= Integration of Hmong people into urban society =

There are many destinations around the world for the Hmong diaspora. Hmong are living in Southeast Asia, China, the United States, France, and even Australia. The Hmong people, having fled Laos after the end of the Vietnam War in 1975, immigrated to these places in hopes of a fresh start. However, this mass exodus was not a smooth transition due to the very different lifestyle the Hmong people were accustomed to.

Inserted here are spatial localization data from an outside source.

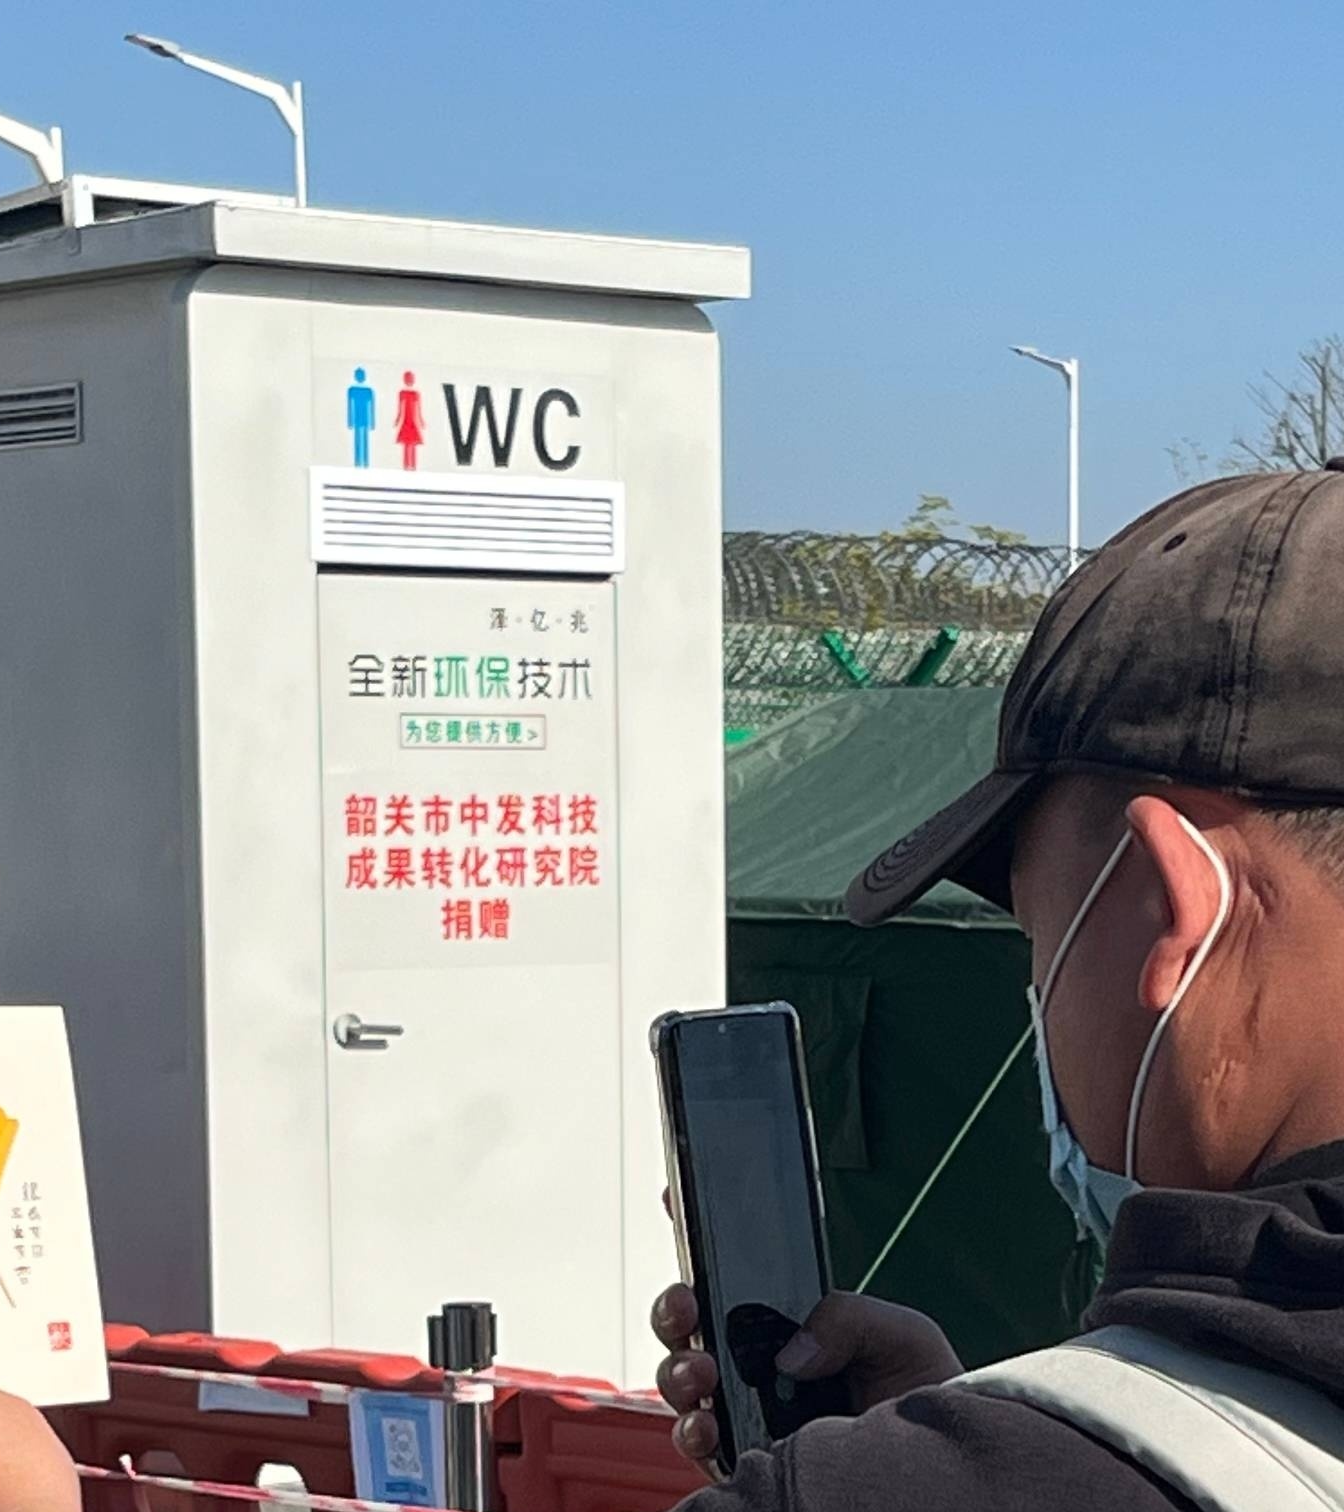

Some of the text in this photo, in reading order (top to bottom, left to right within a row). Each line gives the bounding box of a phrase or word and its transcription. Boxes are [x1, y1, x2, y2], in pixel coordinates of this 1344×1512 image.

[442, 382, 582, 472] WC
[347, 652, 595, 700] 全新环保技术
[344, 793, 600, 839] 韶关市中发科技
[344, 845, 601, 890] 成果转化研究院
[440, 898, 511, 941] 捐赠

== Lifestyle of the Hmong in Southeast Asia ==
Hmong people living in Southeast Asia were subsistence farmers who, according to James C. Scott of Yale University, practiced "escape agriculture" in efforts of trying to flee states that were trying to conquer them. These practices of "escape agriculture" usually produced yields such as maize, millet, root crops, opium, and other highland crops which were carried out by swidden agriculture otherwise known as slash-and-burn agriculture. The Hmong had practiced this lifestyle for centuries. Agriculture was very much a part of everyday life for the Hmong community and so transitioning from an agrarian society to a more industrialized and urban society was challenging for them.

== Urban gardens ==
After immigrating to the United States after the Vietnam War, studies of Hmong women showed that many of them still practiced agriculture similar to that of when they were back in Southeast Asia. These "urban gardens" have become reconstructions of their former gardens. Although the gardens are no longer an essential part of everyday life, they still provide a way for Hmong refugees, especially women, to continue the practice of gardening and provide some fresh vegetables for their families. A study in Sacramento, California showed that out of 73 kinds of plants that were harvested and grown, 38 were used for food, 36 were used for medicine, three were used as ornaments and one of them was used for fiber. Many of these plants, however, had multiple purposes with 15 being used for both food and medicine, one being used as food and an ornament, one being used as medicine and for fiber, and one being used for food, medicine, and for fiber. Many of these plants were also used as food seasonings and additives primarily for chicken. All the Hmong women who were a part of this study were interviewed afterwards as to why they do what they do. Many of these same plants can be purchased at Asian markets in Sacramento and yet they choose to grow them themselves. The Hmong women's response was that it would be easier, more convenient, and more economical to grow their own crops. These agricultural techniques and way of living were passed down to them by their parents and grandparents back in Laos and as a result these are the few skills that they have available to them. After the Hmong immigrated to Sacramento, many of the Hmong women did not work and did not speak English and often sat alone at home in their apartments. This created challenges that got in the way of them understanding the American urban culture that was being forced upon. These "urban gardens" provided Hmong women the opportunity to utilize their skills where they could be productive and be valued for their work. This allowed Hmong women, especially elders, to overcome feelings of overdependence and uselessness. Not only that, this revealed a change that could be made to help Hmong people adapt and adjust to living in urban cities in the United States.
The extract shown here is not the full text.